King of Burma
- Reign: 4 May 1698 – 22 August 1714
- Coronation: 24 July 1698
- Predecessor: Minye Kyawhtin
- Successor: Taninganway
- Born: c. 1 April 1673 Saturday, Late Tagu 1034 ME Ava (Inwa)
- Died: 22 August 1714 (aged 41) Wednesday, 14th waxing of Tawthalin 1076 ME Ava
- Burial: 23 August 1714 Inwa Palace
- Consort: Maha Dewi Thiri Dewi Nanda Dewi
- Issue: Taninganway

Names
- Thiri Maha Thiha Thura Dhamma Yaza
- House: Toungoo
- Father: Minye Kyawhtin
- Mother: Sanda Dewi
- Religion: Theravada Buddhism

= Sanay Min =

Sanay Min (စနေမင်း, /my/; lit. "Saturday King"; c. 1 April 1673 – ) was the 13th king of Toungoo dynasty of Burma (Myanmar) who reigned from 1698 to 1714. Sanay ascended to throne after his father Minye Kyawhtin died in 1698. Sanay was – like his father – ineffectual, and the power of Toungoo dynasty continued to decline.

==Early life==
Sanay Min was born to King Minye Kyawhtin and his queen Sanda Dewi (née Khin Ma Shwe San Oo) c.

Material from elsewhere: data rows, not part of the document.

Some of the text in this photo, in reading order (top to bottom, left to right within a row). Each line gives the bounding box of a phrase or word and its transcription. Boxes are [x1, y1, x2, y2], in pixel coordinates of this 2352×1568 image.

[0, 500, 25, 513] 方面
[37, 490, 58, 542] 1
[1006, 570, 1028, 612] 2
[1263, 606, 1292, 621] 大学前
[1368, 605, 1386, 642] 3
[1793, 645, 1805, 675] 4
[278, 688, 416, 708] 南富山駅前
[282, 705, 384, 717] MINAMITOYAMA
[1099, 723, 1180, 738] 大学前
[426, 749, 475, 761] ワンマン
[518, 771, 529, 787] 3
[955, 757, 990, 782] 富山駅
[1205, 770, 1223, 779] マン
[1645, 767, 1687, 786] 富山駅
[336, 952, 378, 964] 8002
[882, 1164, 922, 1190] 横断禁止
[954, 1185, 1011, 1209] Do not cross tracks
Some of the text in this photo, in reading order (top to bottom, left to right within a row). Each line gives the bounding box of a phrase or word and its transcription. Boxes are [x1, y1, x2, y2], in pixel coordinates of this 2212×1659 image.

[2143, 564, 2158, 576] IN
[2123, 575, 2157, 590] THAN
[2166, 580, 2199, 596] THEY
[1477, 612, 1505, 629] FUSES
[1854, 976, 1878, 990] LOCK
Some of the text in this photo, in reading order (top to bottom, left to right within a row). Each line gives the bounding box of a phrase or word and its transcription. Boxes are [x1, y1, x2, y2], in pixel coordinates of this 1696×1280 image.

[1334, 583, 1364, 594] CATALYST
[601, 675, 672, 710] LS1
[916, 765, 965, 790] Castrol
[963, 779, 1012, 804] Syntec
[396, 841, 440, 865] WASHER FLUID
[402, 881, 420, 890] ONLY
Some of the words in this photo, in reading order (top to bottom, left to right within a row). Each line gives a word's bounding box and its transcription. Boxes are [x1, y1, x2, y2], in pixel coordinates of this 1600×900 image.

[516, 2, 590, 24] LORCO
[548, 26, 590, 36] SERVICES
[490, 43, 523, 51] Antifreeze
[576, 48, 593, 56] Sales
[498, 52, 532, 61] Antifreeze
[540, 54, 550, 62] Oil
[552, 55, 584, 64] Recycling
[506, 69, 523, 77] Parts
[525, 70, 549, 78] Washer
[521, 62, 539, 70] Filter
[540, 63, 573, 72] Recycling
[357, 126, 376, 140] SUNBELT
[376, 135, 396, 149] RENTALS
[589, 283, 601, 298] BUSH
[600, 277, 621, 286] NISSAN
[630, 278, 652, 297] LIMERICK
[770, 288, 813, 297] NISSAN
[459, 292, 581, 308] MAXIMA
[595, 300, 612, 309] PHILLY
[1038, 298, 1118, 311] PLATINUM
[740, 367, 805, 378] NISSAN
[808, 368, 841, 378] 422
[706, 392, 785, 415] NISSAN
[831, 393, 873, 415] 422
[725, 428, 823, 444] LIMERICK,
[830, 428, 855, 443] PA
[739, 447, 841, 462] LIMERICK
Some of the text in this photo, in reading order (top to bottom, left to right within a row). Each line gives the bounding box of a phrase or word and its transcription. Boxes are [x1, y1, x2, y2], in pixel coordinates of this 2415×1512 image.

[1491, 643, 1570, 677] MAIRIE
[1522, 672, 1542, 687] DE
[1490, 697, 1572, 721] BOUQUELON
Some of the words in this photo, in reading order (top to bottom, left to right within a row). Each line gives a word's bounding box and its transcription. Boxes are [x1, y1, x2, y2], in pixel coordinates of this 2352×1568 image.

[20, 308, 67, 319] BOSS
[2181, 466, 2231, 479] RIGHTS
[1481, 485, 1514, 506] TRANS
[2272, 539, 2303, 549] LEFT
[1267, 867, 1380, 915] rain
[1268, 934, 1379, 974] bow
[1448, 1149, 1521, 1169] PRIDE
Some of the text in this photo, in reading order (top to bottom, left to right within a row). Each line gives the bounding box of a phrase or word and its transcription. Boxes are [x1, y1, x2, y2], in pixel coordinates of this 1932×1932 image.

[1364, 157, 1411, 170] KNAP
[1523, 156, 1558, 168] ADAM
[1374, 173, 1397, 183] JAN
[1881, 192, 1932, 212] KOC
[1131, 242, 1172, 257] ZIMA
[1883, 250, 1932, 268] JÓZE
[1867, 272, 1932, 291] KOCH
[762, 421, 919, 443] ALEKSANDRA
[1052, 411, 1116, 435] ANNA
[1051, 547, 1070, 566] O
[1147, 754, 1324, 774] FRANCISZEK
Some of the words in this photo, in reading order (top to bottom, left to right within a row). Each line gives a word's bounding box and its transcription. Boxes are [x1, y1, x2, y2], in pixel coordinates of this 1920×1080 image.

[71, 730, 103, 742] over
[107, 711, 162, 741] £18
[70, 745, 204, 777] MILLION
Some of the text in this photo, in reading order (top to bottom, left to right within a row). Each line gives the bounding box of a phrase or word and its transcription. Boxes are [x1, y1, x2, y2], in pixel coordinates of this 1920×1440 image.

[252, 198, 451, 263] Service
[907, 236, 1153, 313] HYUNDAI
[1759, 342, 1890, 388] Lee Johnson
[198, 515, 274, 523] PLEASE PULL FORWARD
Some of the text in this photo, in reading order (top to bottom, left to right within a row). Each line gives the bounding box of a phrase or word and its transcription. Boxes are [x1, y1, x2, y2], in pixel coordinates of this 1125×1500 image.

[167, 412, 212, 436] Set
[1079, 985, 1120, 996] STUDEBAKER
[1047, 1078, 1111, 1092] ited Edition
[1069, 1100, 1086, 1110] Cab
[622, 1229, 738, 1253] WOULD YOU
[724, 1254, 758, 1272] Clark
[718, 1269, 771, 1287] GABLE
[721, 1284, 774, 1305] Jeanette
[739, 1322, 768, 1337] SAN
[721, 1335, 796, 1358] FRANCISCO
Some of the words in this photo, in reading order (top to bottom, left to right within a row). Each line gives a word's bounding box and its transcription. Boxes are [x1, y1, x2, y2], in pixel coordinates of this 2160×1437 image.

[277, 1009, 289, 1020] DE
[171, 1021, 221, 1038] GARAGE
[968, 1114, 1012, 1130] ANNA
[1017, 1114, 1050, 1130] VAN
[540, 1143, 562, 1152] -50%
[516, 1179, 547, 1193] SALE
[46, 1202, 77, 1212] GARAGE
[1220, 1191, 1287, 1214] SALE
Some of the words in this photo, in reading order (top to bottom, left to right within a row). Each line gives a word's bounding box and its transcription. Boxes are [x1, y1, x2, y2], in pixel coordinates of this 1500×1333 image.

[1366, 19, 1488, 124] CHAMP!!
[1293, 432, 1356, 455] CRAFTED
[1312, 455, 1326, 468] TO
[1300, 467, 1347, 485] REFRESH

April 1673. He was given Dabayin in fief, and was known as Debayin Mintha in his youth. He was made heir apparent on 8 September 1688 (Wednesday, 14th waxing of Tawthalin 1050 ME).

==Reign==
In 1707, Sanay brought Muslim prisoners of war from Sandoway and settled them in Myedu. Three thousand Muslims from the weakening Kingdom of Mrauk U took refuge under his rule from 1698 to 1714. These refugees were divided and settled in Taungoo, Yamethin, Nyaung Yan, Yin Daw, Meiktila, Pin Dale, Tabet Swe', Bhodhii, Syi Tha, Siputtara, Myae du and Depayin.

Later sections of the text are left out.